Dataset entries
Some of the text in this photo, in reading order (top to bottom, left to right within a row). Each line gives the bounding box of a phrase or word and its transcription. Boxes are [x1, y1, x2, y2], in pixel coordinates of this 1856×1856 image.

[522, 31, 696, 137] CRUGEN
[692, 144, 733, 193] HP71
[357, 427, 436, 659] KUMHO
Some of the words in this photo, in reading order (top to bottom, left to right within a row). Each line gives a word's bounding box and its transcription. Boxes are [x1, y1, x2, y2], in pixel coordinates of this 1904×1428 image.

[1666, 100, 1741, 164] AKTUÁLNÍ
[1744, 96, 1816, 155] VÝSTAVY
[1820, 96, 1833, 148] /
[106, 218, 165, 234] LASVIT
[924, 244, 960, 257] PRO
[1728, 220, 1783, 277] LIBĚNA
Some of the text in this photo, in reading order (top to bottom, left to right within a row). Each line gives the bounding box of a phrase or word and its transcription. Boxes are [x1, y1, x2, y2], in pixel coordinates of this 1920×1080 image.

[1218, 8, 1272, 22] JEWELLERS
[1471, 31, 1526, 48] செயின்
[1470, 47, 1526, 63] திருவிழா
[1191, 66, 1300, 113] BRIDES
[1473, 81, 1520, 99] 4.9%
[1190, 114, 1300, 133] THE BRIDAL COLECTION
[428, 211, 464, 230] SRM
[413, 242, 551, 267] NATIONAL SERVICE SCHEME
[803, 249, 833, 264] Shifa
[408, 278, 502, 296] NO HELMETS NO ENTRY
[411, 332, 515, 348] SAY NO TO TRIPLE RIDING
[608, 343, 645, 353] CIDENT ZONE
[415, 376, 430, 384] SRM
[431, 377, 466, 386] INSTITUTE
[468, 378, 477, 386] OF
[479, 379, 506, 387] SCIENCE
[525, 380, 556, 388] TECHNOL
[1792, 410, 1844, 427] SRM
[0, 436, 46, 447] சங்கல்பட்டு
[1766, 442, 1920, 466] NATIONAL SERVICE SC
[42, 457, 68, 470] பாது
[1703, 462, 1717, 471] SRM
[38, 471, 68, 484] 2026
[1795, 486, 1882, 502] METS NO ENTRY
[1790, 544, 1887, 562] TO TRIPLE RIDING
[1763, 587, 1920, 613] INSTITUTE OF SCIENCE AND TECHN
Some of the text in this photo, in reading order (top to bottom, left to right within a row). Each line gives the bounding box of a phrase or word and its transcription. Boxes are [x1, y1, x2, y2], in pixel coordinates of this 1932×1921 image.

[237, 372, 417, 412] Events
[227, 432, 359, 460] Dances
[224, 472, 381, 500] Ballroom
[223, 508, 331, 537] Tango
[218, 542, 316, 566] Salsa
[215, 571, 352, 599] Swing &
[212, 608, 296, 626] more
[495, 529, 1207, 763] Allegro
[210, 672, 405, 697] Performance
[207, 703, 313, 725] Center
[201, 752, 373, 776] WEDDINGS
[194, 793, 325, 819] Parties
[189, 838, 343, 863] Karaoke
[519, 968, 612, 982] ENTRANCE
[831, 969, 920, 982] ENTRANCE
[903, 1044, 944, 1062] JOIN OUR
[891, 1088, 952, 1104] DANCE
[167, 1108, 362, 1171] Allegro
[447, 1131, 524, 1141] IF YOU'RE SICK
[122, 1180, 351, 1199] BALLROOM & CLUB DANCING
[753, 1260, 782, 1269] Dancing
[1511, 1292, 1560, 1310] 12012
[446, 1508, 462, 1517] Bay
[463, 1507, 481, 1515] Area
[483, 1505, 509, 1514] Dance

▶ [Problem to work on]
Repeat the records. Match them exactly.

▶ [Exercise response]
Some of the text in this photo, in reading order (top to bottom, left to right within a row). Each line gives the bounding box of a phrase or word and its transcription. Boxes are [x1, y1, x2, y2], in pixel coordinates of this 1856×1856 image.

[522, 31, 696, 137] CRUGEN
[692, 144, 733, 193] HP71
[357, 427, 436, 659] KUMHO
Some of the words in this photo, in reading order (top to bottom, left to right within a row). Each line gives a word's bounding box and its transcription. Boxes are [x1, y1, x2, y2], in pixel coordinates of this 1904×1428 image.

[1666, 100, 1741, 164] AKTUÁLNÍ
[1744, 96, 1816, 155] VÝSTAVY
[1820, 96, 1833, 148] /
[106, 218, 165, 234] LASVIT
[924, 244, 960, 257] PRO
[1728, 220, 1783, 277] LIBĚNA
Some of the text in this photo, in reading order (top to bottom, left to right within a row). Each line gives the bounding box of a phrase or word and its transcription. Boxes are [x1, y1, x2, y2], in pixel coordinates of this 1920×1080 image.

[1218, 8, 1272, 22] JEWELLERS
[1471, 31, 1526, 48] செயின்
[1470, 47, 1526, 63] திருவிழா
[1191, 66, 1300, 113] BRIDES
[1473, 81, 1520, 99] 4.9%
[1190, 114, 1300, 133] THE BRIDAL COLECTION
[428, 211, 464, 230] SRM
[413, 242, 551, 267] NATIONAL SERVICE SCHEME
[803, 249, 833, 264] Shifa
[408, 278, 502, 296] NO HELMETS NO ENTRY
[411, 332, 515, 348] SAY NO TO TRIPLE RIDING
[608, 343, 645, 353] CIDENT ZONE
[415, 376, 430, 384] SRM
[431, 377, 466, 386] INSTITUTE
[468, 378, 477, 386] OF
[479, 379, 506, 387] SCIENCE
[525, 380, 556, 388] TECHNOL
[1792, 410, 1844, 427] SRM
[0, 436, 46, 447] சங்கல்பட்டு
[1766, 442, 1920, 466] NATIONAL SERVICE SC
[42, 457, 68, 470] பாது
[1703, 462, 1717, 471] SRM
[38, 471, 68, 484] 2026
[1795, 486, 1882, 502] METS NO ENTRY
[1790, 544, 1887, 562] TO TRIPLE RIDING
[1763, 587, 1920, 613] INSTITUTE OF SCIENCE AND TECHN
Some of the text in this photo, in reading order (top to bottom, left to right within a row). Each line gives the bounding box of a phrase or word and its transcription. Boxes are [x1, y1, x2, y2], in pixel coordinates of this 1932×1921 image.

[237, 372, 417, 412] Events
[227, 432, 359, 460] Dances
[224, 472, 381, 500] Ballroom
[223, 508, 331, 537] Tango
[218, 542, 316, 566] Salsa
[215, 571, 352, 599] Swing &
[212, 608, 296, 626] more
[495, 529, 1207, 763] Allegro
[210, 672, 405, 697] Performance
[207, 703, 313, 725] Center
[201, 752, 373, 776] WEDDINGS
[194, 793, 325, 819] Parties
[189, 838, 343, 863] Karaoke
[519, 968, 612, 982] ENTRANCE
[831, 969, 920, 982] ENTRANCE
[903, 1044, 944, 1062] JOIN OUR
[891, 1088, 952, 1104] DANCE
[167, 1108, 362, 1171] Allegro
[447, 1131, 524, 1141] IF YOU'RE SICK
[122, 1180, 351, 1199] BALLROOM & CLUB DANCING
[753, 1260, 782, 1269] Dancing
[1511, 1292, 1560, 1310] 12012
[446, 1508, 462, 1517] Bay
[463, 1507, 481, 1515] Area
[483, 1505, 509, 1514] Dance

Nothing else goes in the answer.